Les Françaises votent donc pour la première fois les 29 avril et 13 mai 1945, à l’occasion des élections municipales.
Quelques mois plus tard, le 21 octobre 1945, elles participent au référendum et aux élections à l’Assemblée constituante organisés simultanément par le général de Gaulle.
À la question du référendum, « Faut-il une nouvelle Constitution ? », les Françaises et les Français se prononcent à plus de 96 % pour l’abandon des institutions de la IIIe République et l’élaboration d’une nouvelle Constitution. Sur un total de 586 représentants, 33 femmes sont élues à la première Assemblée constituante.
La longue marche vers l’égalité
La France a attendu la moitié du XXe siècle pour garantir les mêmes droits politiques aux femmes qu’aux hommes.
En Australie, les femmes peuvent voter depuis 1901. La Finlande a emboîté le pas en 1906 suivis par la Norvège en 1913, le Danemark en 1915 puis l’Allemagne en 1918. En 1920, ce sont les Etats-Unis qui autorisent le vote pour les femmes et le Royaume-Uni le rend accessible en 1928.

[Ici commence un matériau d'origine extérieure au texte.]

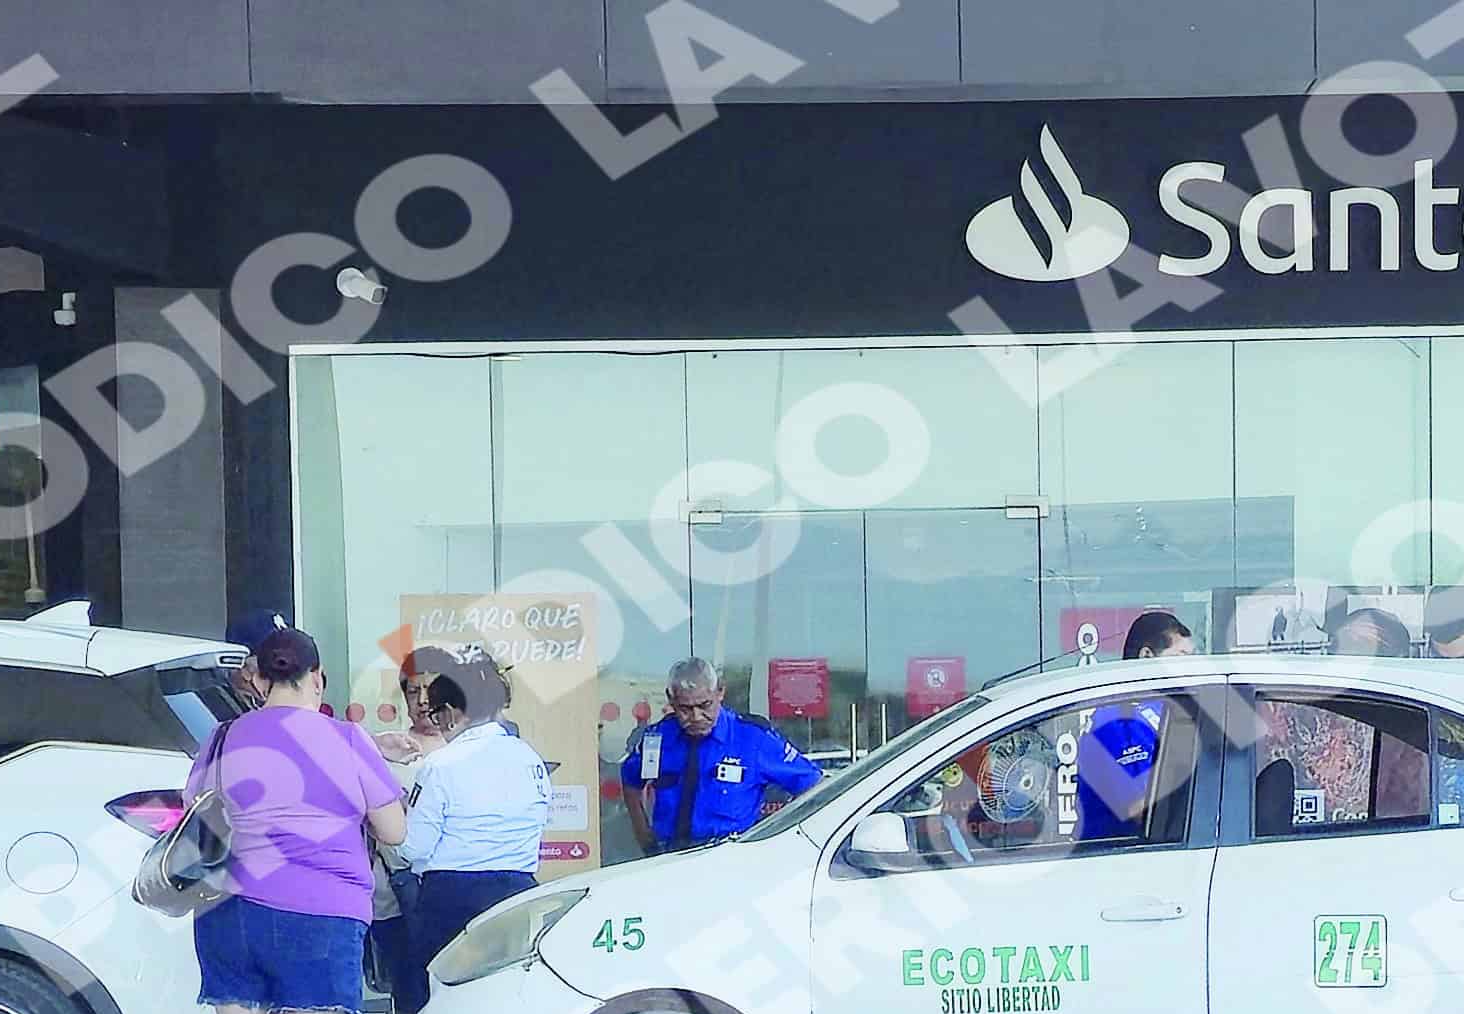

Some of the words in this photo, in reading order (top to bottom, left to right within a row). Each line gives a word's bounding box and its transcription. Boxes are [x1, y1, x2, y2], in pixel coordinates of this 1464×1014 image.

[524, 603, 581, 629] QUE
[492, 636, 586, 664] PUEDE!
[592, 916, 645, 952] 45
[902, 944, 1090, 986] ECOTAXI
[1318, 920, 1383, 983] 274
[941, 988, 982, 1014] SITIO
[987, 985, 1062, 1013] LIBERTAD
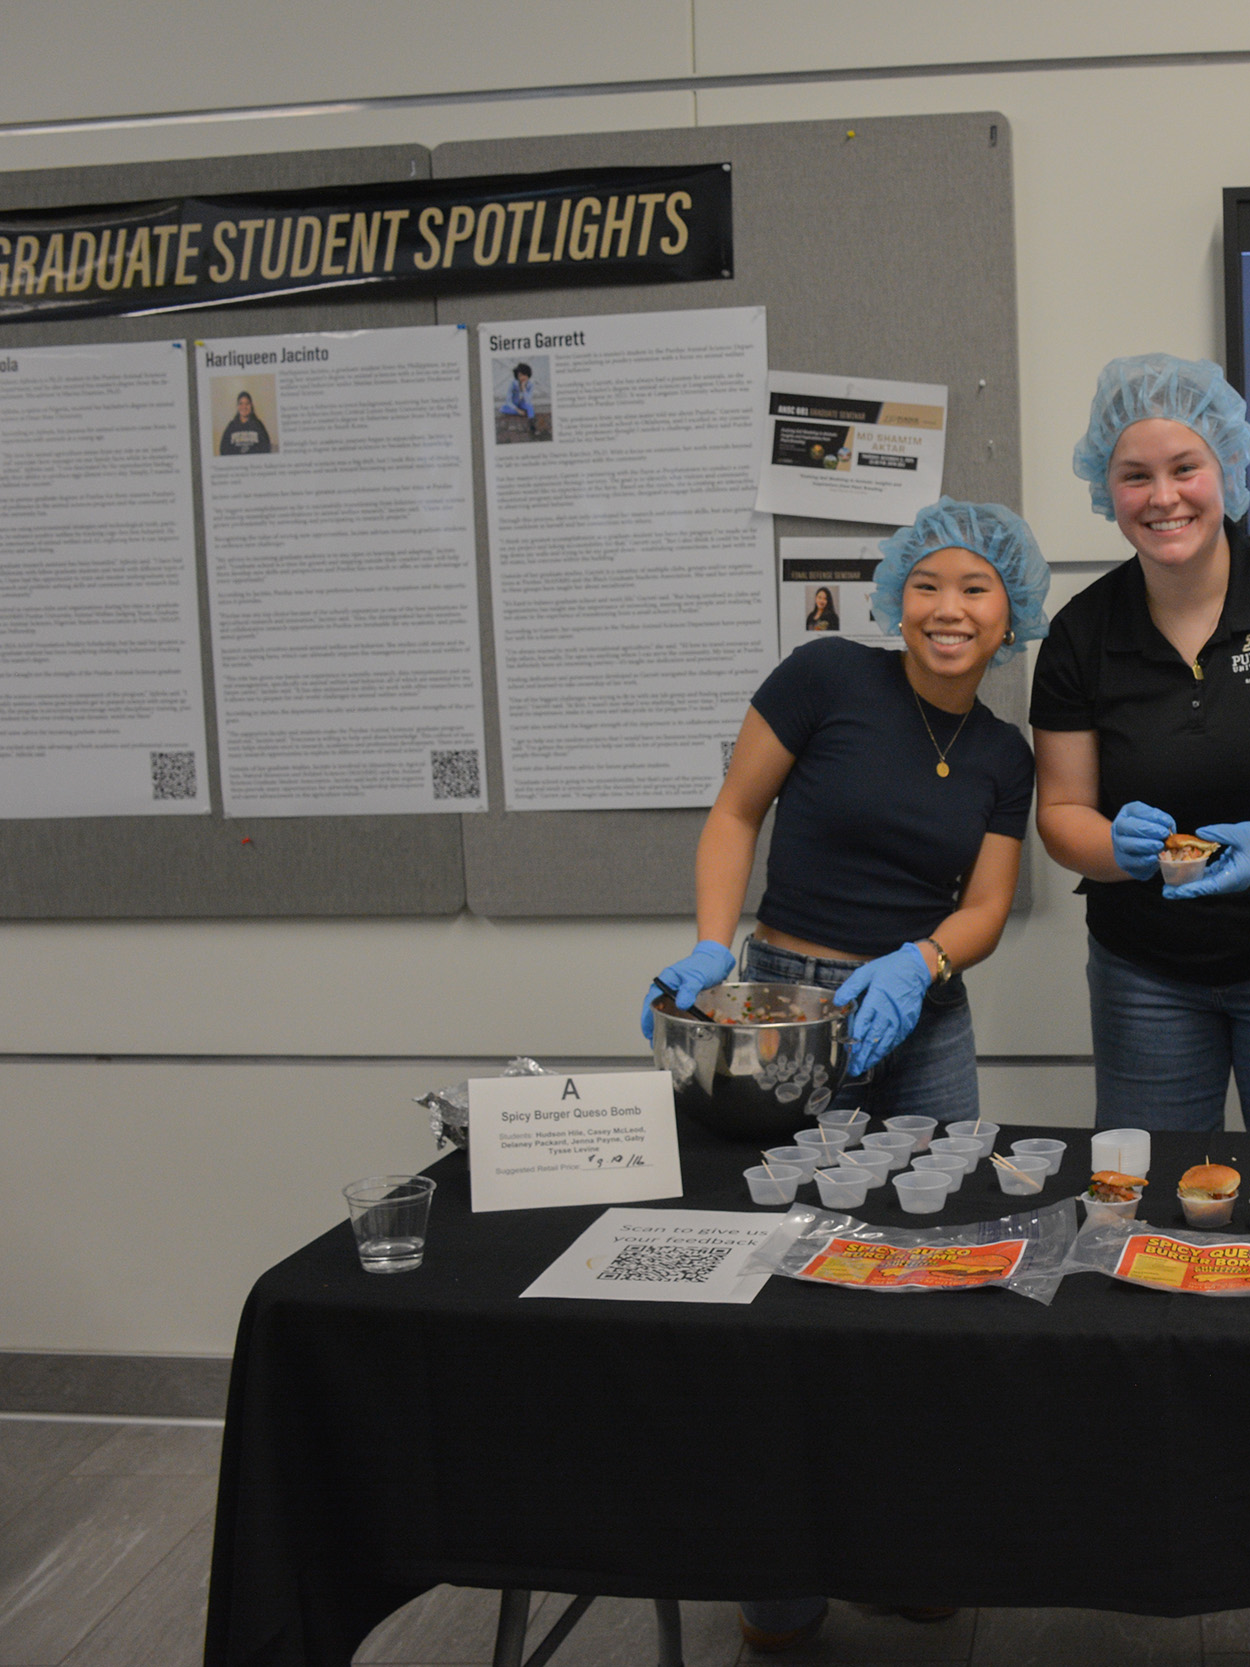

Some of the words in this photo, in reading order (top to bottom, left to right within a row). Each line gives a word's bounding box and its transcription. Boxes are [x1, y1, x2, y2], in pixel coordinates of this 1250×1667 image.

[0, 224, 201, 297] GRADUATE
[210, 209, 409, 284] STUDENT
[414, 190, 693, 268] SPOTLIGHTS
[489, 333, 531, 352] Sierra
[534, 330, 586, 350] Garrett
[205, 349, 278, 370] Harliqueen
[280, 345, 329, 365] Jacinto
[561, 1078, 581, 1101] A
[501, 1110, 531, 1123] Spicy
[534, 1108, 570, 1122] Burger
[573, 1107, 608, 1119] Queso
[610, 1105, 642, 1116] Bomb
[501, 1141, 533, 1149] Delaney
[496, 1167, 535, 1175] Suggested
[619, 1224, 666, 1233] Scan
[673, 1226, 693, 1234] to
[697, 1226, 740, 1236] give
[612, 1236, 662, 1245] your
[665, 1235, 759, 1247] feedback
[1147, 1238, 1204, 1257] SPICY
[845, 1243, 900, 1258] SPICY
[1144, 1245, 1212, 1266] BURGER
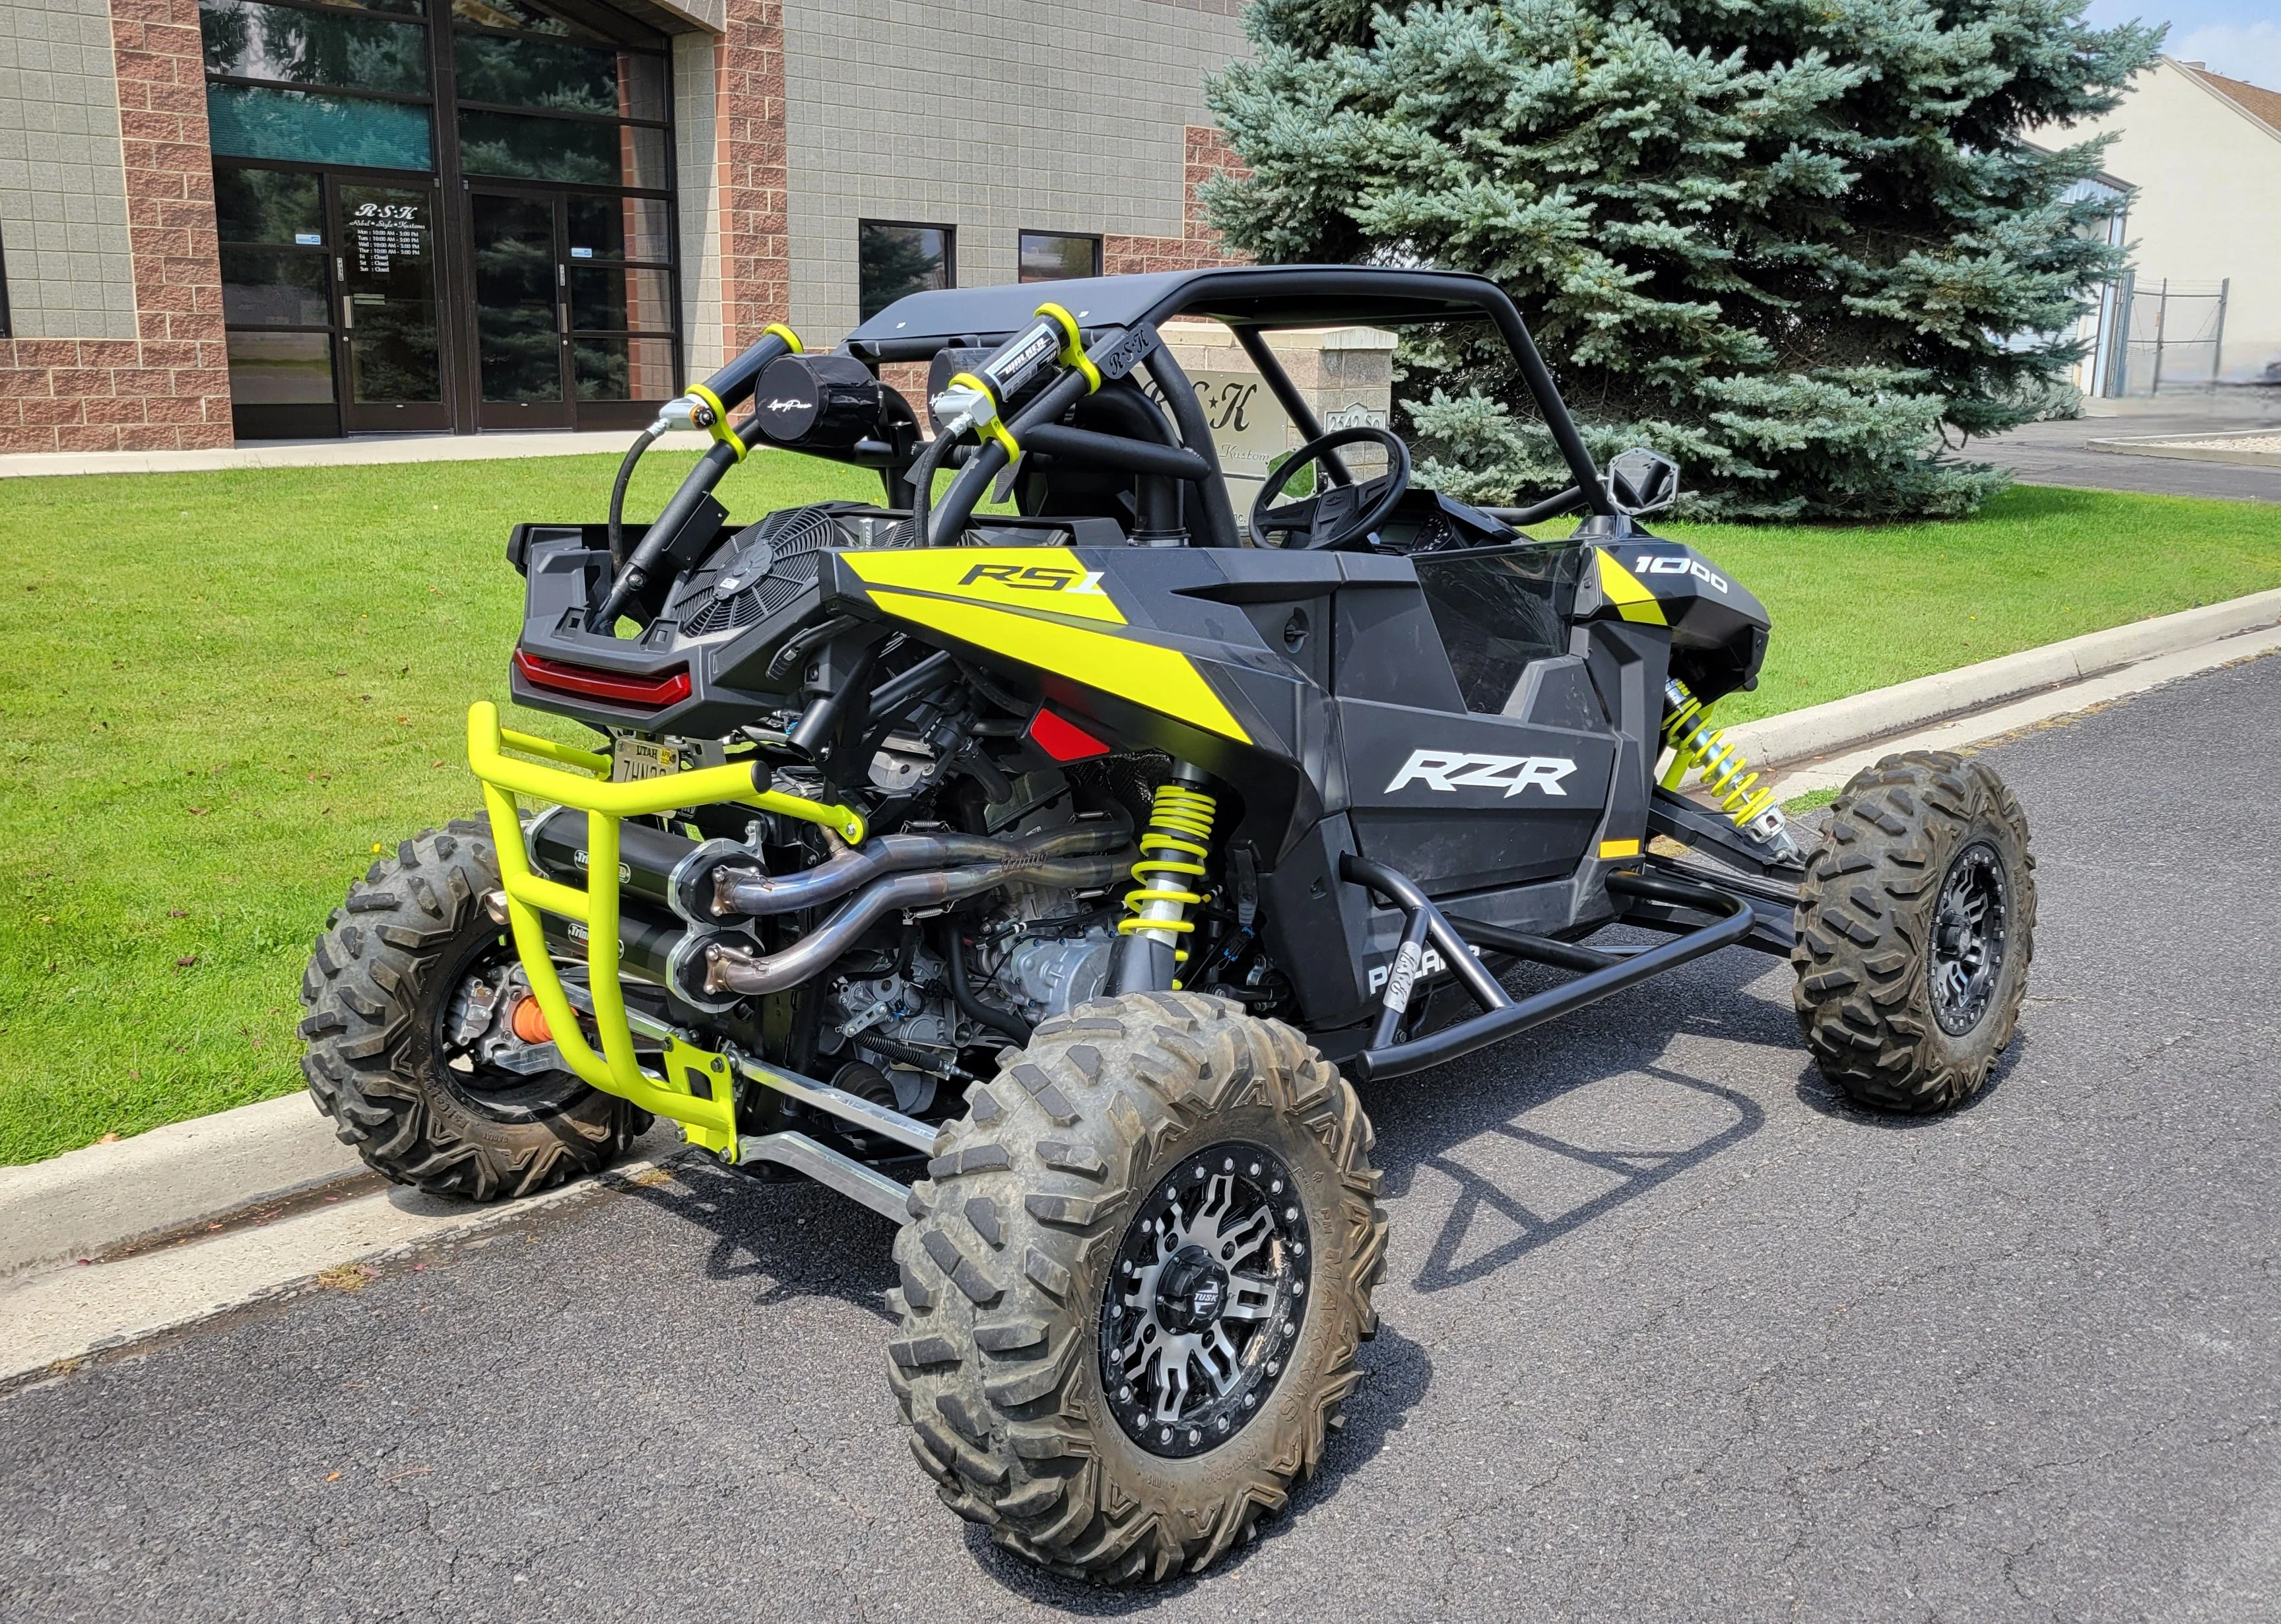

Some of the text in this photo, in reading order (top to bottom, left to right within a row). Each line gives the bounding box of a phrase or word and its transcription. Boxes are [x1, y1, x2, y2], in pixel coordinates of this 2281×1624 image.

La France mauvaise élève sur les droits des femmes
En comparaison avec d’autres nations, la France a fait pendant longtemps office de mauvaise élève sur la question des droits des femmes et de l’accès au vote. Madeleine Braun sera la première femme élue vice-présidente de l’Assemblée nationale en 1946, Marie-Madeleine Dienesch la première femme présidente de commission en 1967, et Denise Cacheux la première questeure en 1986.Il faudra attendre 1965, soit vingt ans après l’obtention du droit de vote, pour que les femmes puissent ouvrir un compte bancaire et exercer un emploi sans le consentement de leur mari.
Au mitan des années 2010 grâce aux lois sur la parité, la représentation des femmes plafonne à 38,7 % à l’Assemblée, 36 % Sénat et on n’en compte que 22 % parmi les maires.
La longue marche vers l’égalité a été lente et rude : le vote était une chose, le rôle en politique en était une autre.
C’est d’ailleurs au général de Gaulle que l’on attribue la fameuse injonction méprisante : « Un ministère de la Condition féminine ? Et pourquoi pas un secrétariat au Tricot ?»
Le même homme qui a accordé aux femmes le droit de vote.